The study is the largest ever to look at the effects of environmental tobacco smoke on children's health. It is published in the January issue of Environmental Health Perspectives.
"This study provides further incentive for states to set public health standards to protect children from exposure to environmental tobacco smoke," says Kimberly Yolton, PhD, a researcher at the Children's Environmental Health Center at Cincinnati Children's and the study's main author. "We estimate that more than 33 million children in the United States are exposed to levels consistent with the adverse effects seen in this study."
The study's findings translate into nearly a three-point decline in a standardized reading test and nearly a two-point decline in a standardized math test, given an average score of 100 and a modest increase in exposure to environmental tobacco smoke.

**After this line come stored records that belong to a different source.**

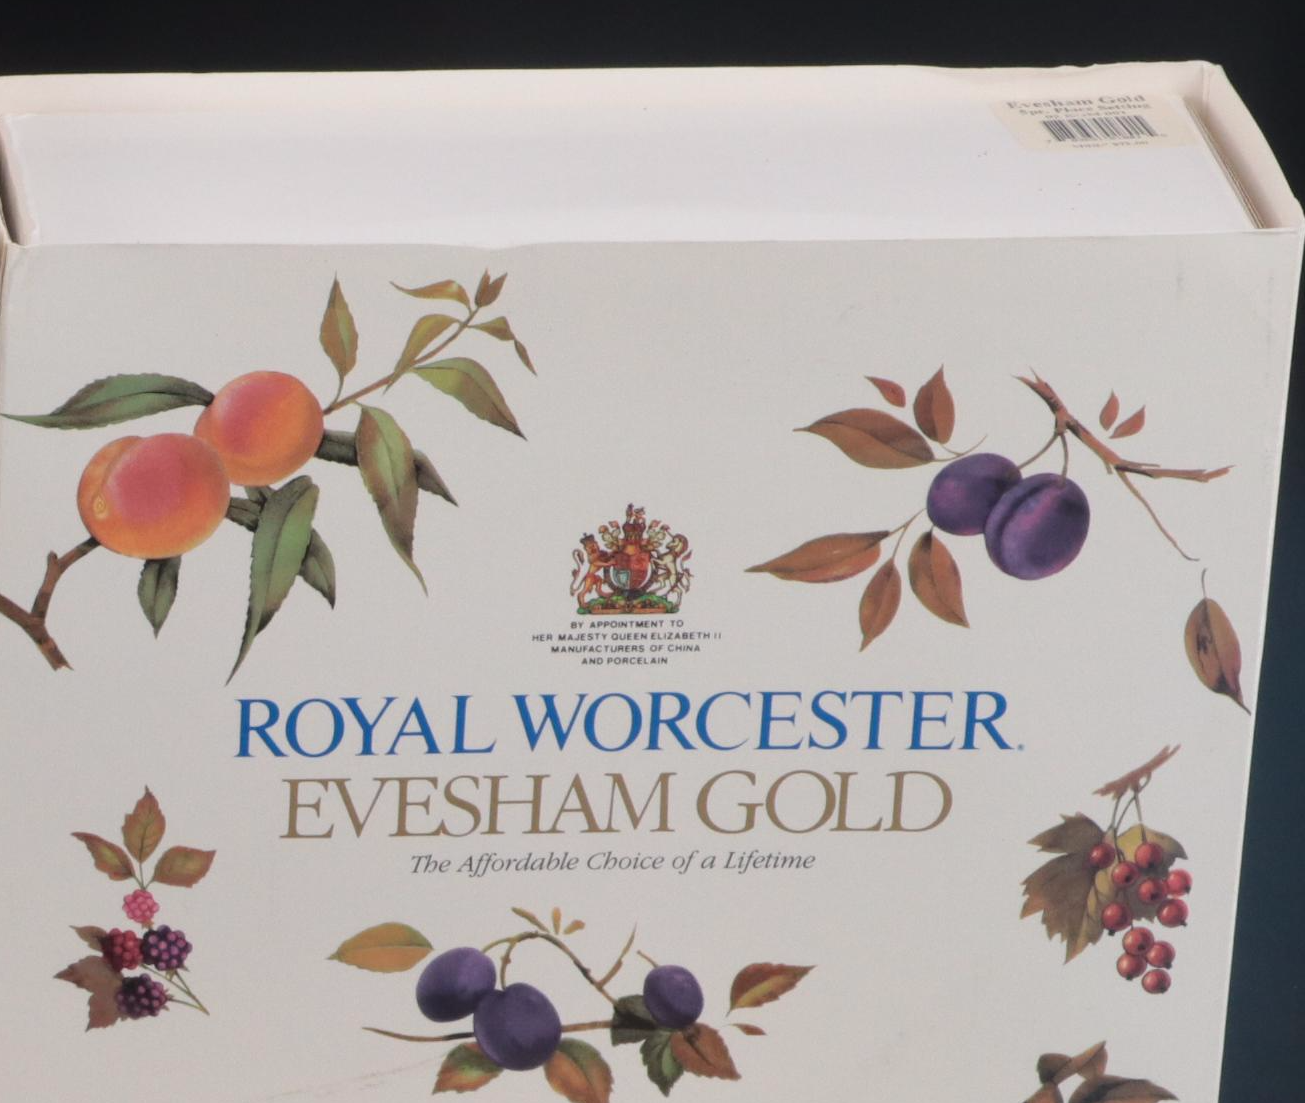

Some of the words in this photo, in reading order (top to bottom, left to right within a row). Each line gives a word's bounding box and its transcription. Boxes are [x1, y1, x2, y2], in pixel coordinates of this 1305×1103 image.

[1097, 94, 1146, 104] Gold
[236, 695, 494, 758] ROYAL
[279, 772, 676, 840] EVESHAM
[696, 770, 953, 835] GOLD
[411, 854, 452, 874] The
[456, 851, 580, 878] Affordable
[586, 850, 665, 870] Choice
[671, 850, 700, 875] of
[700, 855, 717, 870] a
[723, 849, 816, 875] Lifetime

Logic and reasoning skills were tested in a task that involved the assembly of blocks. This task evaluated a child's ability to visually organize and reason in constructing a design quickly and accurately. The study found a .55 decline in block-design scores, given an average score of 10 and a modest increase in exposure.
"These declines may not be clinically meaningful for an individual child, but they have huge implications for our society because millions of children are exposed to environmental tobacco smoke in the United States," says Dr. Yolton.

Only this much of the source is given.